Wednesday, June 18, 2014

Belajar Dari Batu Bata

Apa Anda pernah melihat proses pembuatan batu bata? Ya, batu bata yang lazim digunakan untuk membangun rumah, pos satpam, tempat sampah, gedung atau kantor Anda. Barang kotak warna merah yang kerap ada hape lawas yang diidentikan  dengan batu bata. Mungkin karena ukuran dan bentuknya membuatnya mirip. 

Saya tidak sedang membahas kualitas bangunan menggunakan batu bata merah karena saya memang bukan ahli bangunan. 

Ini cerita kalau saya pernah lihat pembuatan batu bata milik seorang kawan yang diproduksi di pinggir sawah, dicetak dari tanah liat, dibakar dengan katu dan sekam, dijemur di atas lahan tanah, di tutup dengan plastik agar terhindar dari hujan dan menjadi kering sehingga siap dibakar.
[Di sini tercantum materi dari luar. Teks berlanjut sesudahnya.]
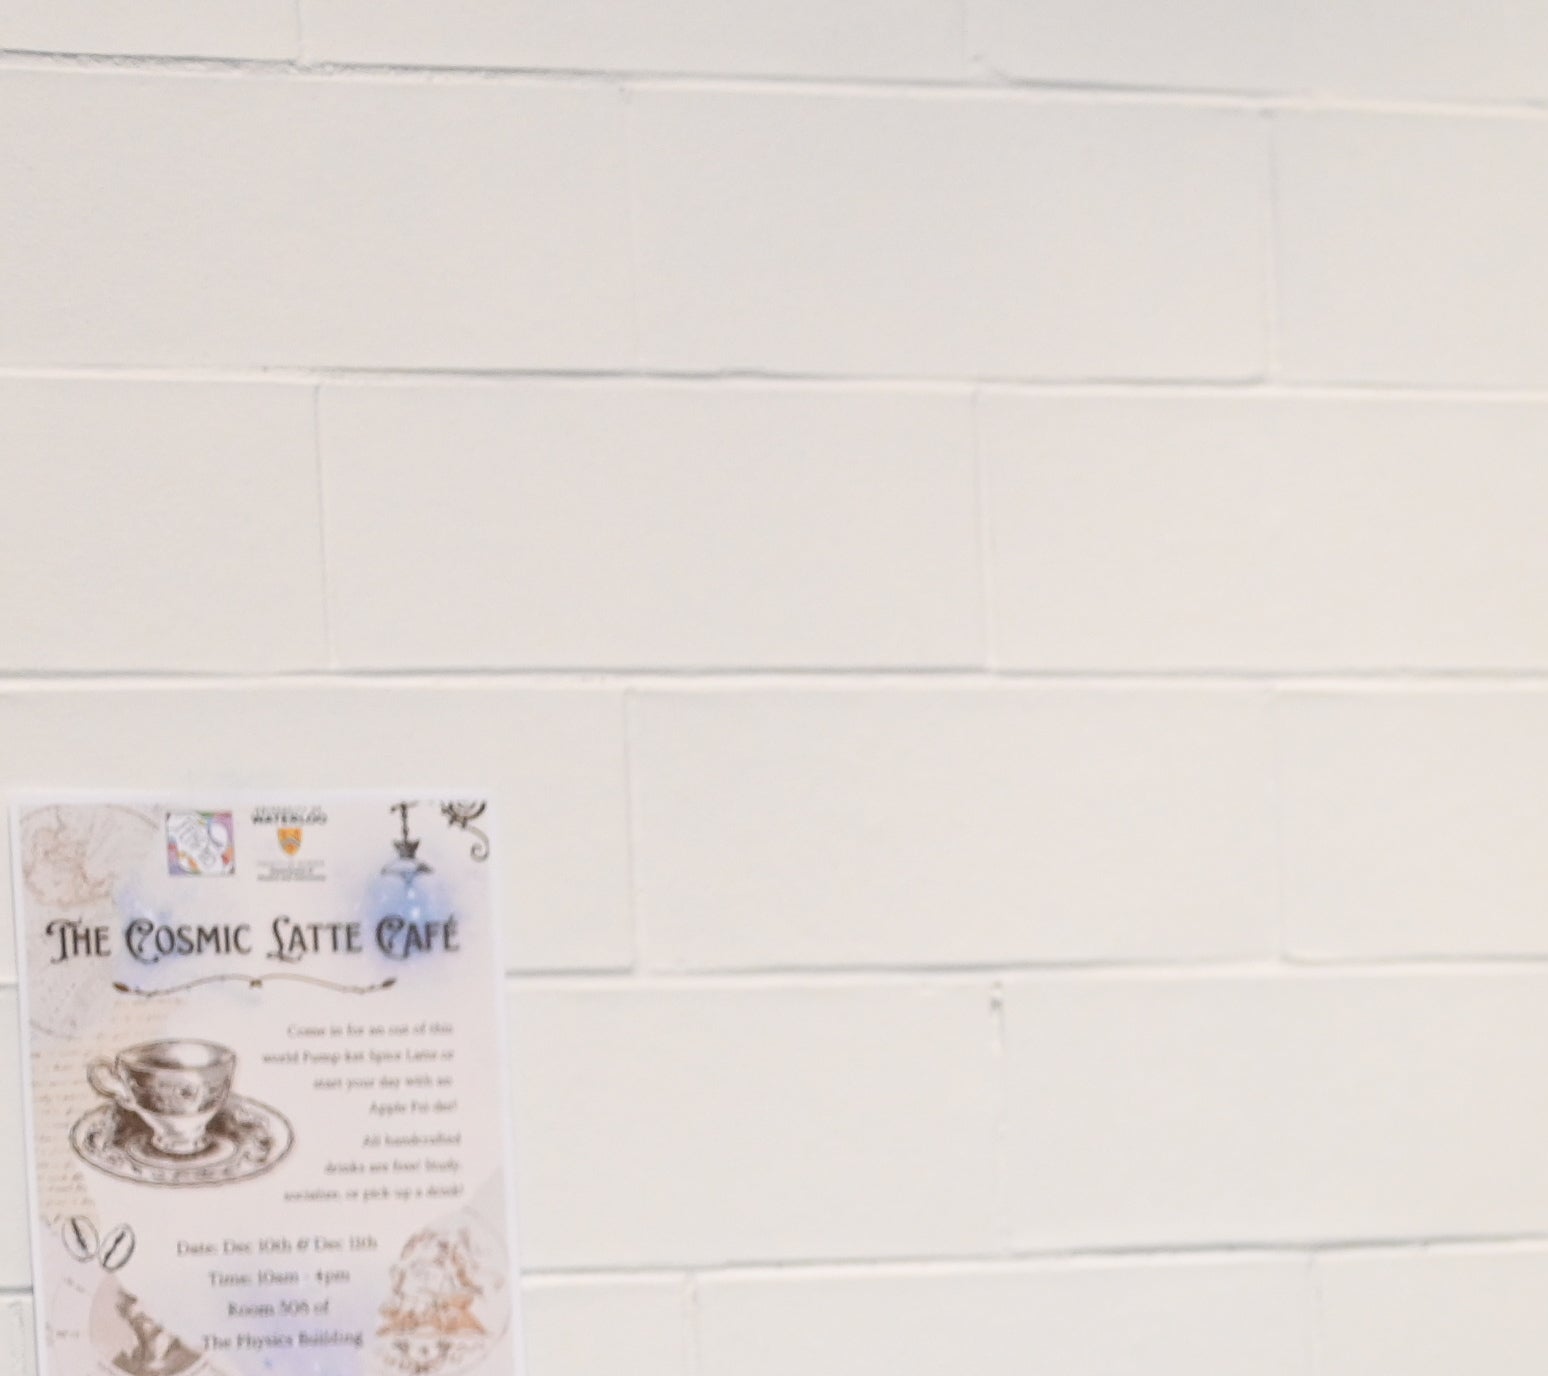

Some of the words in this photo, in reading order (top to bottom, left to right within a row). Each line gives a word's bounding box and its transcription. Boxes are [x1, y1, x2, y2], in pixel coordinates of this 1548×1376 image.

[46, 917, 112, 965] THE
[125, 917, 252, 965] COSMIC
[266, 914, 363, 964] LATTE
Juga tentang kayu dan sekam yang menjadi abu untuk membakar batu bata menjadi matang siap digunakan.

Udara dingin yang membekap gelap pagi buta terasa lengkap dalam menunggu angkot selama 45 menit di pojokan Mertokondo arah Karangsambung. Bergiliran dua tukang ojek menawarkan jasa secara halus dengan menjelaskan angkot masih lama, menunggu terang. Dalam perhitungan saya sambil melirik jam tangan, sekitar dua jam lagi sinar matahari menyapa Kebumen. Tidak terlalu lama untuk ukuran rencana perjalanan saya kali ini, dalam hati saya. Pagi buta bertemu kawan yang baru pertama kali bertemu di depan kantor desa juga membuka kesempatan kesan kurang baik. Alasan lainnya jarak 19 kilo meter jika menggunakan ojek ditawarkan empat kali lipat dari harga angkot. Lebih baik duduk bertahan diemperan toko dengan rolling door masih terkunci rapat, bertahan sambil menunggu matahari terbit dan berharap bisa melihat pemandangan sepanjang perjalanan. Hanya ada seorang supir angkot yang bakal saya tumpangi dan dua pengemudi ojek motor yang setia menunggu datangnya penumpang entah sampai kapan. Tak lama datang seorang yang saya lihat dari guratan wajahnya cocok sudah renta, namun semangatnya dalam bercerita tentang perjalanannya dari Bekasi dengan semangat. Jalanan menyisakan  lalu lalang kendaraan mulai sepeda motor, hingga mobil ukuran kecil dan tiga seperempat yang kemudian senyap. Di antara senyap dari salah satu bangunan deretan bangunan yang menyerupai toko atau warung terdengar semburan suara kompor dan  riuh minyak panas yang menggoreng sesuatu. Tak lama suara pintu terbuka dari salah satu bangunan, dan benar itu dari sumber suara tadi. Bergegas supir angkot menawarkan saya untuk ngopi di warung sambil menunggu penumpang lain. Ha ini diikuti dua pengemudi ojek motor dan bapak tua tadi. Tempe goreng panas tersedia diatas wadah yang menyerupai nampan dan penjual dengan lincah menyiapkan ketan yang dibentuk bulat dengan tangan berlapis plastik. Lumayan mengganjal perut dingin ini engan ketan, tempe dan segelas kopi.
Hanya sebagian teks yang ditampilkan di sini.